There is no question that I “earned” the top spot in some ways, and would have been competitive in any pool. But it is also true that I did not have much management experience when I got the role. So an undeniable part of what clinched the job for me was the fact that I am both black and female. That doesn’t embarrass me. I was capable of many aspects of the role that I was stepping into (and after I stopped being petrified I grew into the other parts quite quickly) but I am also realistic enough to know that part of what worked in my favour was the growing recognition globally that leadership has to be more diverse than it has been in the past. The organisation had to take a gamble, and I was the perfect black woman for the spot.
To a large degree this was because I was able to understand the local context and environment, and I could relate to colleagues in the US. Thus, my days were spent in two shifts – first the nine-to-five here in Joburg managing a busy team, and then around four pm, when New York was awake, I would begin to look at emails and get on the phone for telecons on the other side of the ocean. I could joke about the latest episode of The Wire, with a colleague in the New York office, with as much ease as I could tease a junior staff member here about her love of Generations.
I felt equally comfortable in either domain, and in both worlds my blackness and femaleness were seen as valuable commodities. But let’s make no mistake, if I hadn’t been so “legible” to those in power, if I had had been a riskier bet – more politically radical, less “polished” – then affirmative action or no affirmative action, I wouldn’t have got the job.
And this is where the problem with affirmative action lies. It works best for people who already have some form of privilege. Affirmative action latches on to the knowable parts of the “other”, and rewards these. In today’s South Africa, my class privilege is a significant advantage, and it is one that will allow me to land on my feet even when affirmative action is not at play. In this way I differ significantly from the vast majority of black South African women.
Gender inequality is alive and well in South Africa, but so is class privilege. Often, class trumps other factors in the oppression stakes. My personal experience is that often when I have been on the receiving end of overtly identifiable sexism, my class privilege has served as a buffer. And of course the most difficult experiences of racism and sexism for me have been veiled, harder to discern but palpable in their texture, and always, at the hands of white males whose class privilege is exponentially higher than mine.
I have wondered in recent weeks, as the debate about transformation and affirmative action has raged in the public sphere, why so few people are willing to be honest about how much power and privilege they have. It is as though the conversation about affirmative action has to be framed in absolutist terms: we are all winners or we are all losers. As with everything else in life, the truth is far more complicated. We are all complicit in systems that oppress others, just as most of us can tell stories in which we have suffered heartbreaking cruelties at the hands of the same systems.
It would be ridiculous to pretend that I don’t possess oodles of social capital because of my personal and familial history. This doesn’t mean that I don’t need a helping affirmative action hand – I am all too aware that sexism and racism affect us all – but it does mean that I benefit more from this lift than someone who doesn’t have my access to networks, education, and an economically secure nuclear family.

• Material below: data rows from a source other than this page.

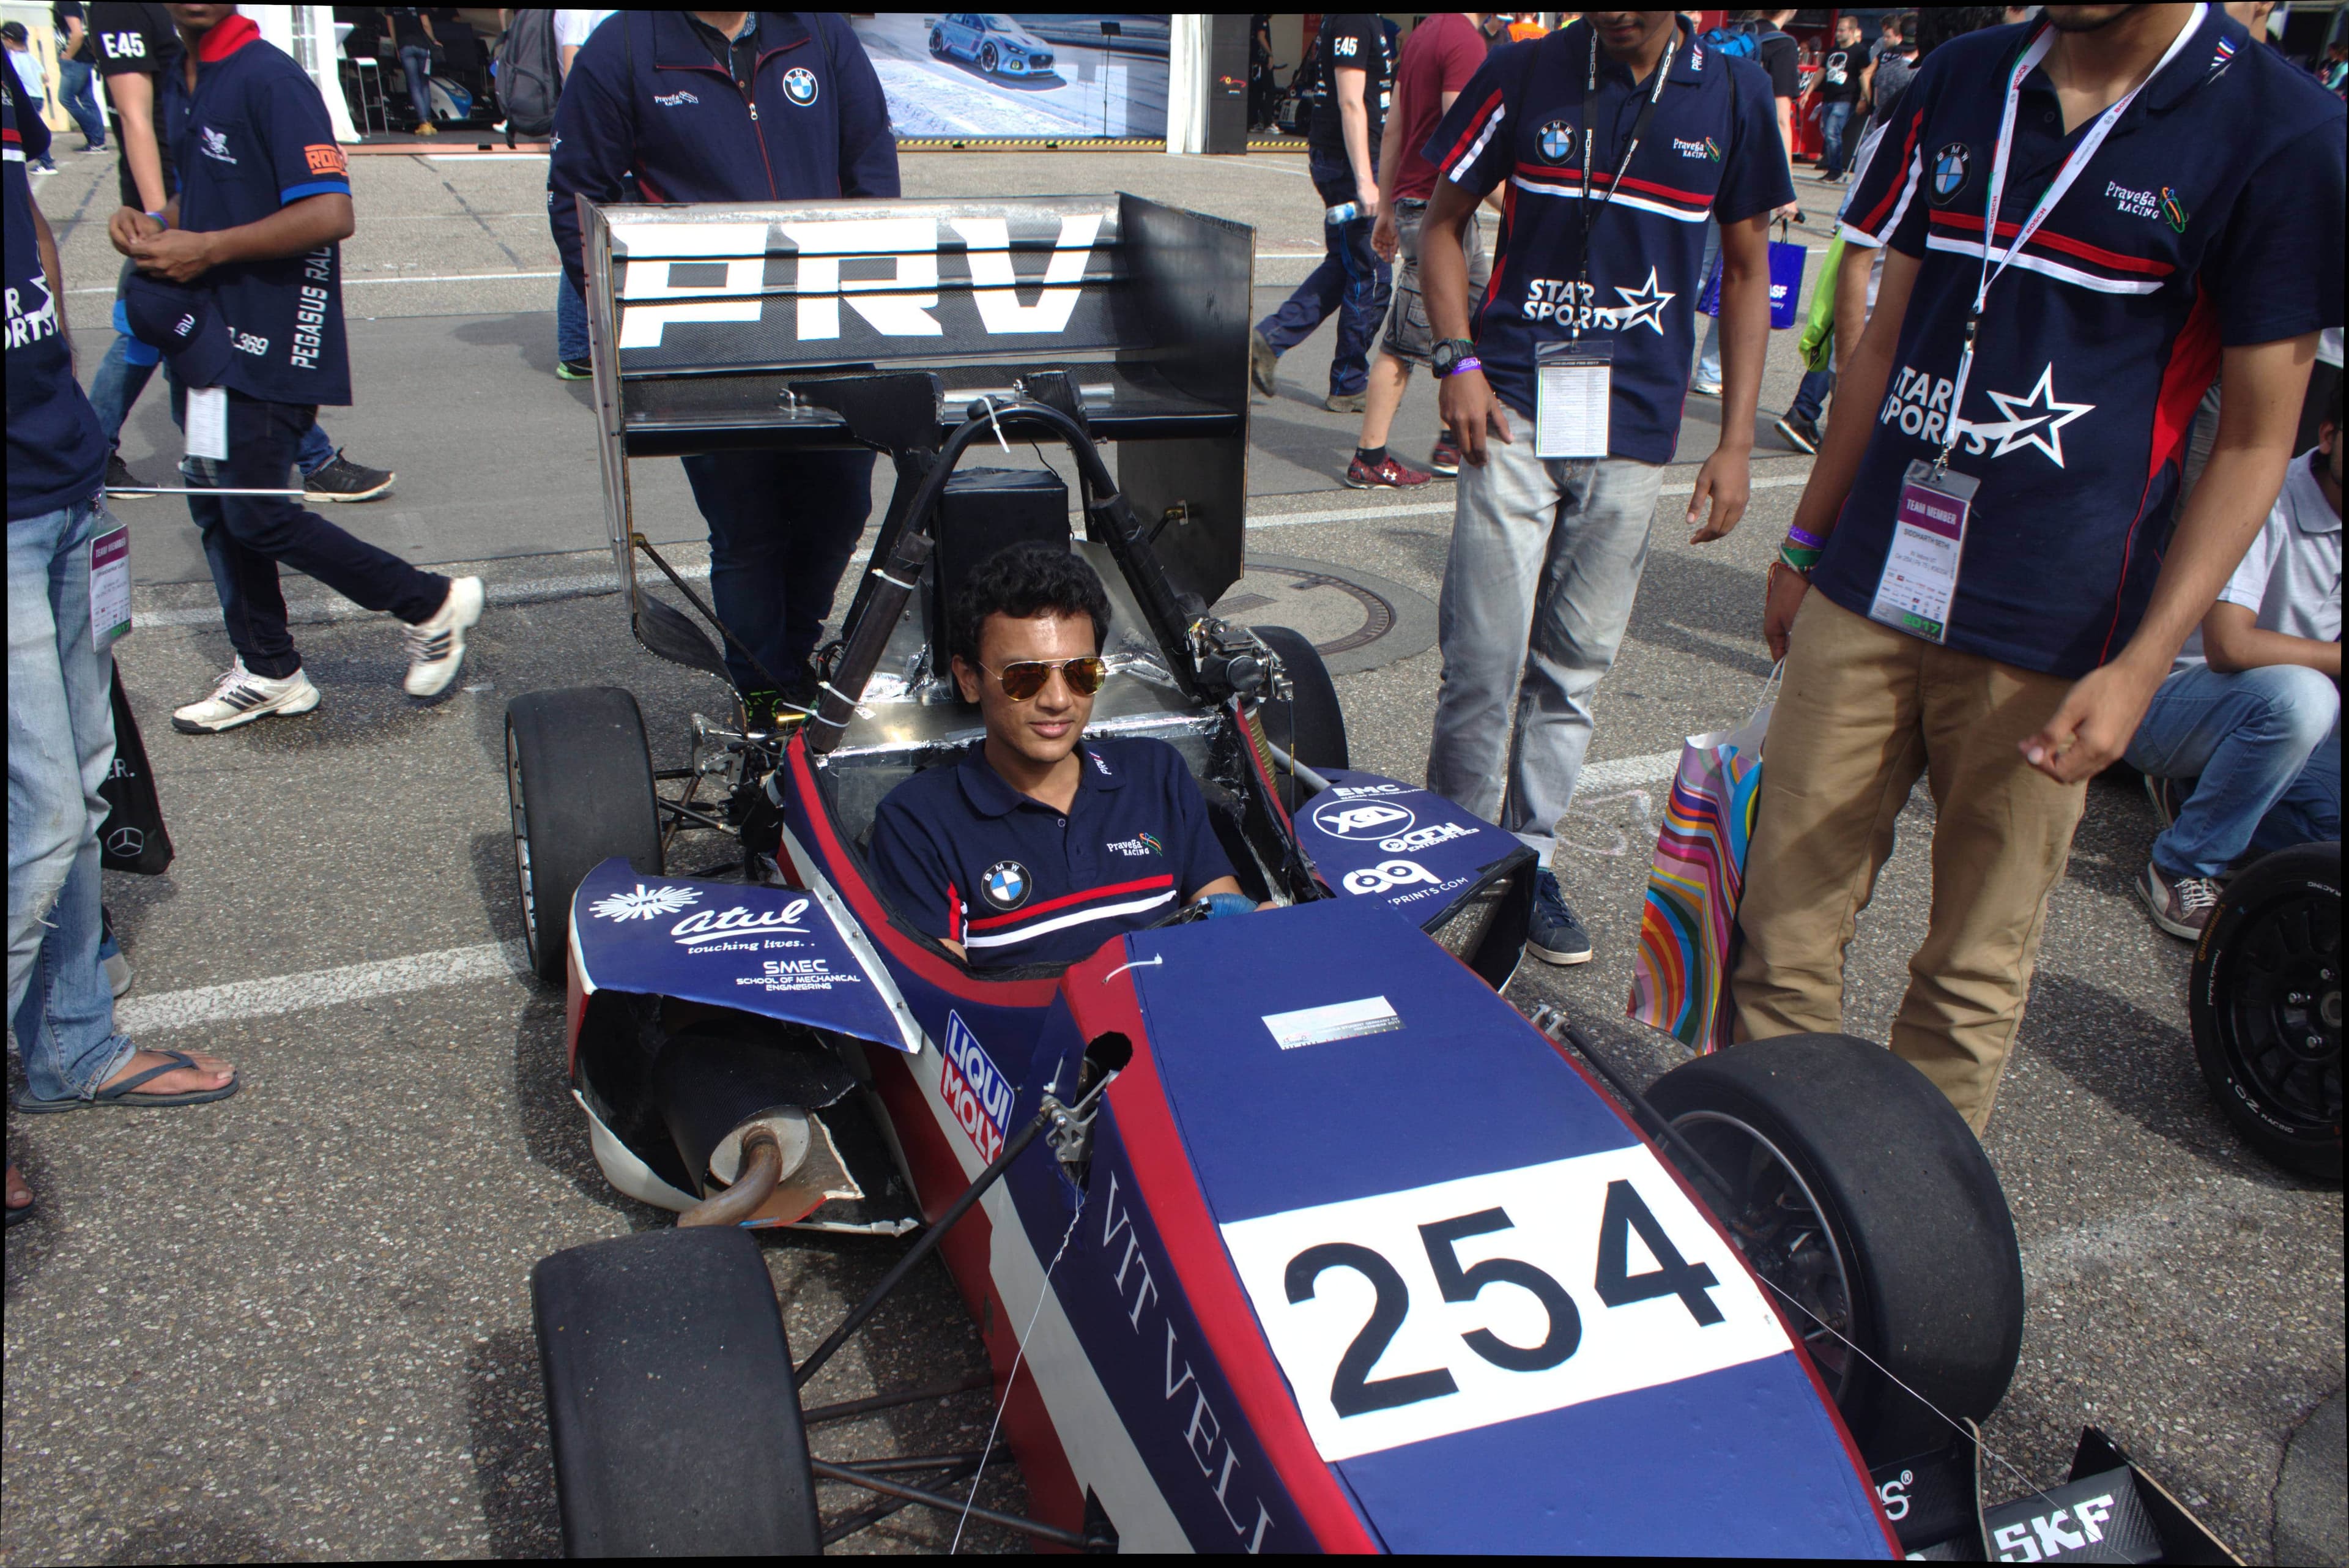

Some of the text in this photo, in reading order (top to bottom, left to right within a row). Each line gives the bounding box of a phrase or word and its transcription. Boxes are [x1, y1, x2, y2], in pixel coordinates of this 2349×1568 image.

[102, 33, 145, 59] E45
[1334, 37, 1357, 56] E45
[1652, 42, 1675, 103] PORSCHE
[1674, 138, 1704, 152] Pravega
[1683, 150, 1707, 159] RACING
[1583, 128, 1592, 195] PORSCHE
[2104, 181, 2156, 206] Pravega
[2026, 207, 2047, 234] BOSCH
[2117, 200, 2160, 219] RACING
[612, 214, 1104, 348] PRV
[1528, 278, 1595, 307] STAR
[1770, 284, 1787, 299] SF
[291, 286, 328, 369] PEGASUS
[1522, 301, 1618, 330] SPORTS
[1894, 365, 1954, 413] TAR
[1880, 393, 1987, 455] PORTS
[1906, 499, 1956, 525] TEAM MEMBER
[1902, 614, 1940, 634] 2017
[1332, 784, 1400, 797] EMC
[1106, 839, 1143, 852] Pravega
[688, 941, 759, 954] touching
[763, 959, 828, 974] SMEC
[766, 983, 832, 991] ENGINEERING
[949, 1019, 1009, 1129] LIQUI
[943, 1061, 1001, 1165] MOLY
[2261, 1113, 2295, 1134] RACING
[1103, 1170, 1158, 1334] VIT
[1284, 1178, 1726, 1419] 254
[1994, 1494, 2114, 1562] SKF
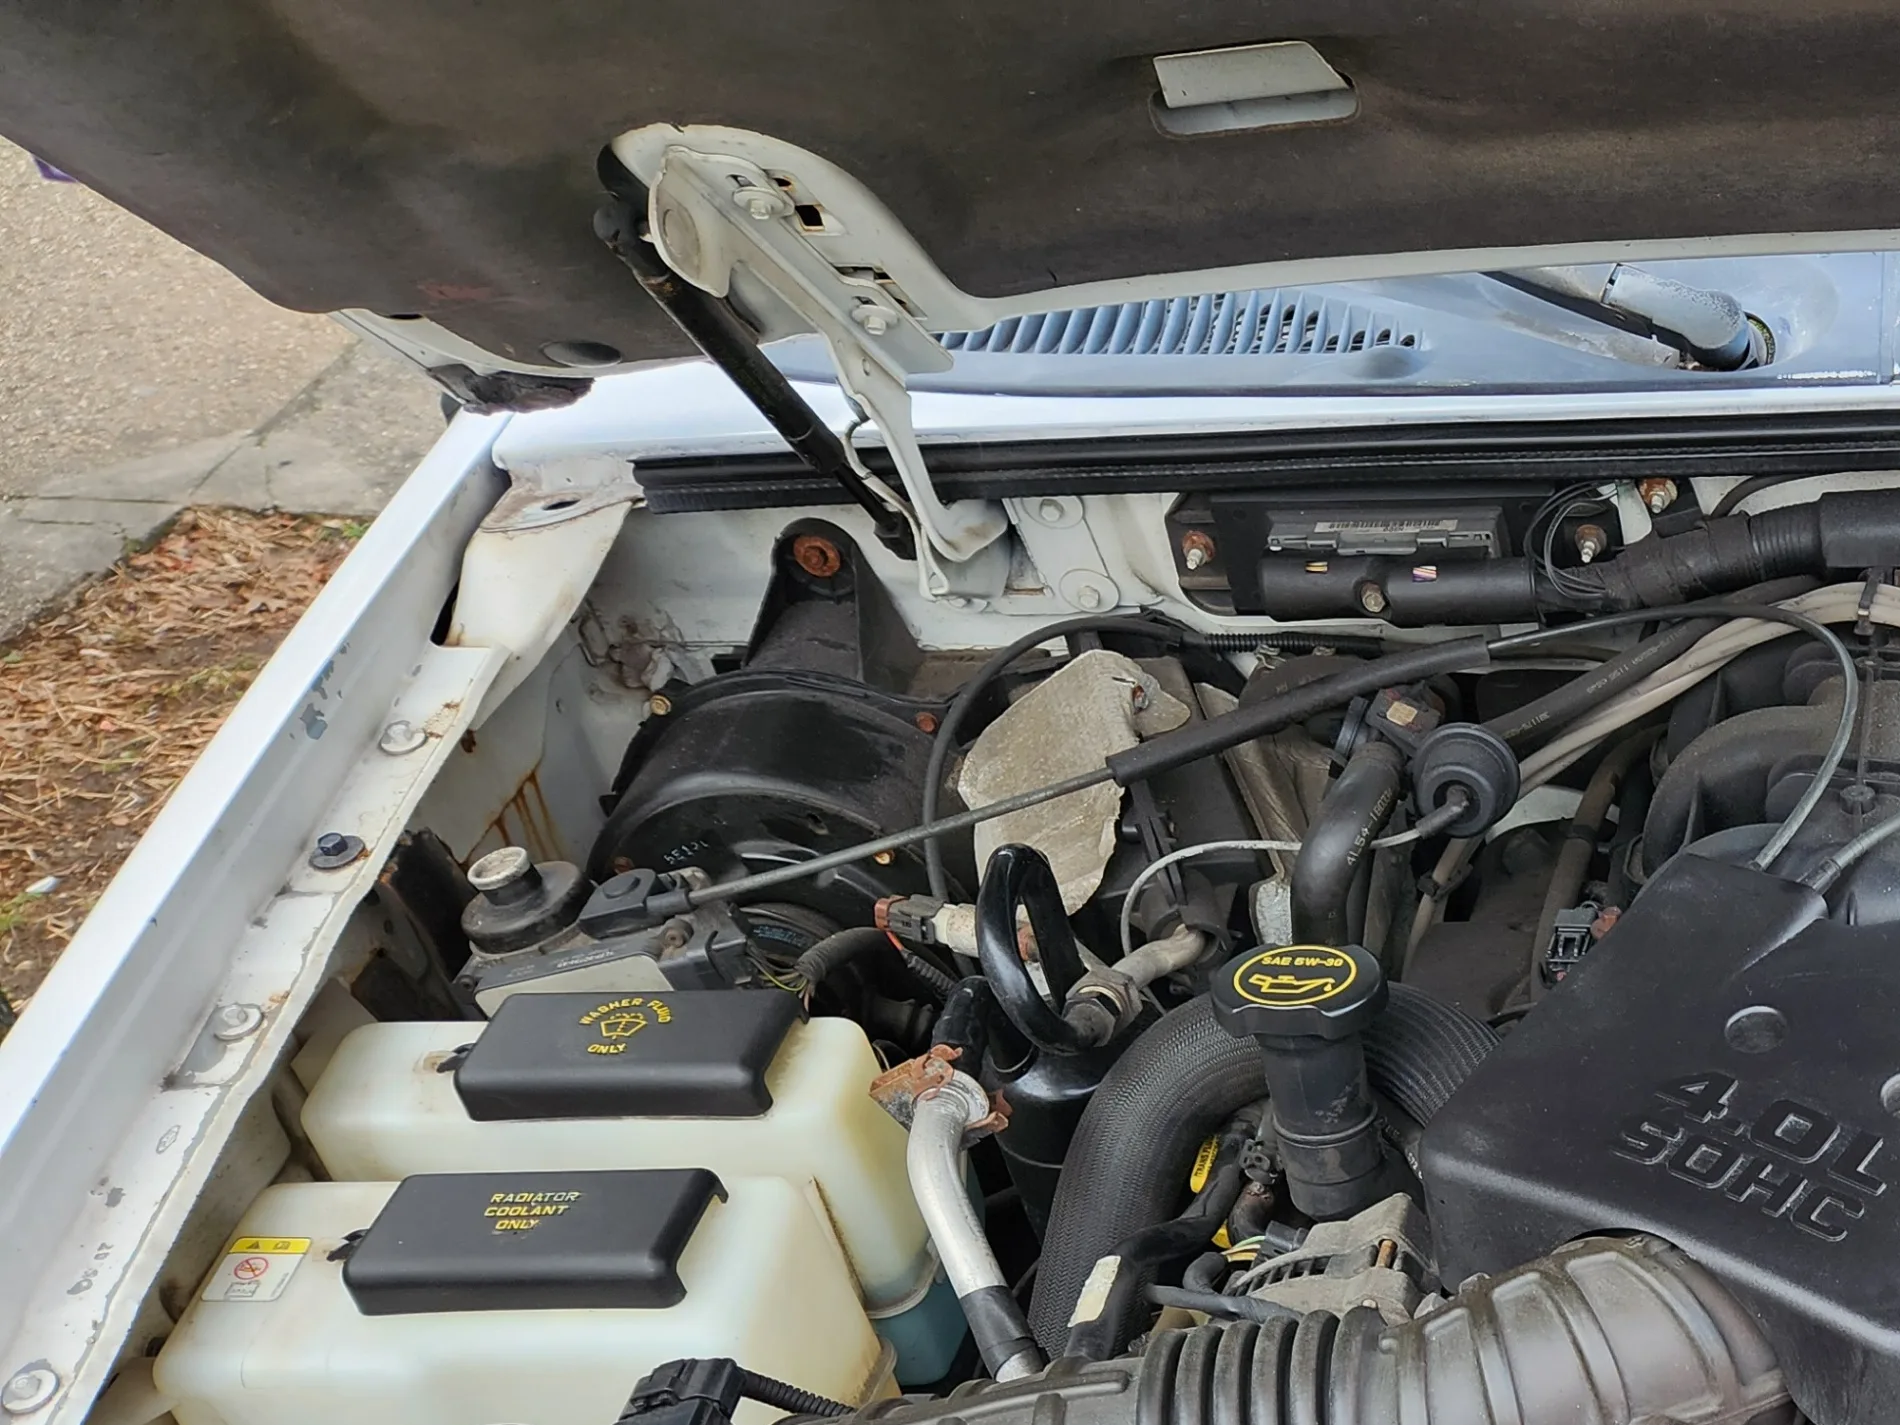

This doesn’t take away the importance of having an entry point into leadership for the thousands of elite black people and women like me for whom racism and gender inequality continue to be obstacles to progress.
It does mean that the policy approach we require might best be described as affirmative action “lite”. The support and accompaniment required for young black managers or university entrants who have clipped, posh accents and parents with deep pockets is similar to the support needed for anyone who is young in the workplace. But there are some important differences. While young black and brown people in this cohort will be just as educated as their white friends, and in the case of young women, will probably have accomplished more than their male peers, they will be more likely to suffer from confidence deficits than their elite white and male peers for all kinds of reasons we know too well.
Even more importantly, elite black and female candidates are less likely than their white male peers to see themselves represented in the panels that interview them (at least in the private sector) and in the workplaces that they join.
I am not suggesting that panels that consist predominantly of white men and/or women that choose white and/or male candidates because they are racist. That would be too simple, and too easy to address. In real life it isn’t about bad white people trying to subvert heroic black folks (not anymore). Overt racism is still a factor in our society, but what is more commonplace, and in some ways more pernicious, are the other less formal, seemingly innocuous way in which racism is kept alive.
In a recent conversation a black woman friend of mine, who has held a series of senior leadership positions here and in the US, reminded me that the real problem is that “We all hire ourselves”. We recruit people who share our strengths, and whom we can relate to, and very often, these people look like us.
In a country still fraught with racial divisions this continues to result in white men with power defaulting into hiring bright young men who went to the same schools they did, who are eager to learn, who remind them of themselves at that age. These men are less likely to recognise that spark in a young black woman from Mitchells Plain.
When I sit on interview panels I try hard to ensure that organisations are looking to place skills, personalities and leadership and followership traits that round out a team. I often differ with managers who want to hire mini-mes. If you are trying to build an institution that avoids groupthink, that rejects obsequiousness and rewards drive and difference as much as it does team building, then this is the only way to go.
I understand how it happens that gender and racial inequality are reproduced by perfectly reasonable and well-meaning people every day. In part, it is because we are a long way from the day when empathy is entirely devoid of race and gender content.
We have begun to make inroads into addressing affirmative action in the public sector. We have often done this badly – but there are few examples of any type of policy in South Africa that has been well managed at the implementation stage so affirmative action is no different in this regard.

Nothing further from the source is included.